## Brief
Retype the records that come next, word for word.

## Records for this exercise

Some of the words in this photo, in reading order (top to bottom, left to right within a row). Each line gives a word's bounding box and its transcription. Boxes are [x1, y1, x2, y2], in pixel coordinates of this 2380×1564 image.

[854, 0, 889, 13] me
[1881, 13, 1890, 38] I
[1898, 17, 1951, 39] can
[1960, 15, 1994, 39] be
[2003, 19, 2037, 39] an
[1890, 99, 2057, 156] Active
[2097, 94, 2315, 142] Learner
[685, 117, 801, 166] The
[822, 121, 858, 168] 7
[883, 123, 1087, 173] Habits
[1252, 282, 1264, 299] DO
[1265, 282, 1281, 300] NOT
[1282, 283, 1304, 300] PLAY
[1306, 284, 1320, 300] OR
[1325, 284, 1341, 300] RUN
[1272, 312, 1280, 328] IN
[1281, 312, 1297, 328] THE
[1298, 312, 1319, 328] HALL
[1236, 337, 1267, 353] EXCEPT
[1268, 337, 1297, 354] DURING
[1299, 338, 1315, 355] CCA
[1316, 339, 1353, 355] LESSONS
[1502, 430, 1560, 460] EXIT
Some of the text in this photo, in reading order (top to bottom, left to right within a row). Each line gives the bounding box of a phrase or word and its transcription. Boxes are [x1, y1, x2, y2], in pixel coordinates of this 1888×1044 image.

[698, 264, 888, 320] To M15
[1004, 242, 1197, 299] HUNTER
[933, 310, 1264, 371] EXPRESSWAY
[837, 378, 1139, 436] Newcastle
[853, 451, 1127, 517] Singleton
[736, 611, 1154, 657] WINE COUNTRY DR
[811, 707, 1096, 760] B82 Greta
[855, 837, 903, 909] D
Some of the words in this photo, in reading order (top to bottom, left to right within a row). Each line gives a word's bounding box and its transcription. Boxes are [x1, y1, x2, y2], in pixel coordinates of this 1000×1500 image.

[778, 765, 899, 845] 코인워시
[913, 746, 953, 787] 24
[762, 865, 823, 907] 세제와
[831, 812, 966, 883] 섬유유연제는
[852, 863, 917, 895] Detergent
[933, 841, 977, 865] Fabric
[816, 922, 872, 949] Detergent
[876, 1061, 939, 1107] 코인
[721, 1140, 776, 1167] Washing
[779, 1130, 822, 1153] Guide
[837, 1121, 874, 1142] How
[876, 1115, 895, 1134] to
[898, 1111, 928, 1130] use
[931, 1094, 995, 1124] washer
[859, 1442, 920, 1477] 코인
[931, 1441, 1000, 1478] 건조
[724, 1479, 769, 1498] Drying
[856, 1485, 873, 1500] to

## Reply
Some of the words in this photo, in reading order (top to bottom, left to right within a row). Each line gives a word's bounding box and its transcription. Boxes are [x1, y1, x2, y2], in pixel coordinates of this 2380×1564 image.

[854, 0, 889, 13] me
[1881, 13, 1890, 38] I
[1898, 17, 1951, 39] can
[1960, 15, 1994, 39] be
[2003, 19, 2037, 39] an
[1890, 99, 2057, 156] Active
[2097, 94, 2315, 142] Learner
[685, 117, 801, 166] The
[822, 121, 858, 168] 7
[883, 123, 1087, 173] Habits
[1252, 282, 1264, 299] DO
[1265, 282, 1281, 300] NOT
[1282, 283, 1304, 300] PLAY
[1306, 284, 1320, 300] OR
[1325, 284, 1341, 300] RUN
[1272, 312, 1280, 328] IN
[1281, 312, 1297, 328] THE
[1298, 312, 1319, 328] HALL
[1236, 337, 1267, 353] EXCEPT
[1268, 337, 1297, 354] DURING
[1299, 338, 1315, 355] CCA
[1316, 339, 1353, 355] LESSONS
[1502, 430, 1560, 460] EXIT
Some of the text in this photo, in reading order (top to bottom, left to right within a row). Each line gives the bounding box of a phrase or word and its transcription. Boxes are [x1, y1, x2, y2], in pixel coordinates of this 1888×1044 image.

[698, 264, 888, 320] To M15
[1004, 242, 1197, 299] HUNTER
[933, 310, 1264, 371] EXPRESSWAY
[837, 378, 1139, 436] Newcastle
[853, 451, 1127, 517] Singleton
[736, 611, 1154, 657] WINE COUNTRY DR
[811, 707, 1096, 760] B82 Greta
[855, 837, 903, 909] D
Some of the words in this photo, in reading order (top to bottom, left to right within a row). Each line gives a word's bounding box and its transcription. Boxes are [x1, y1, x2, y2], in pixel coordinates of this 1000×1500 image.

[778, 765, 899, 845] 코인워시
[913, 746, 953, 787] 24
[762, 865, 823, 907] 세제와
[831, 812, 966, 883] 섬유유연제는
[852, 863, 917, 895] Detergent
[933, 841, 977, 865] Fabric
[816, 922, 872, 949] Detergent
[876, 1061, 939, 1107] 코인
[721, 1140, 776, 1167] Washing
[779, 1130, 822, 1153] Guide
[837, 1121, 874, 1142] How
[876, 1115, 895, 1134] to
[898, 1111, 928, 1130] use
[931, 1094, 995, 1124] washer
[859, 1442, 920, 1477] 코인
[931, 1441, 1000, 1478] 건조
[724, 1479, 769, 1498] Drying
[856, 1485, 873, 1500] to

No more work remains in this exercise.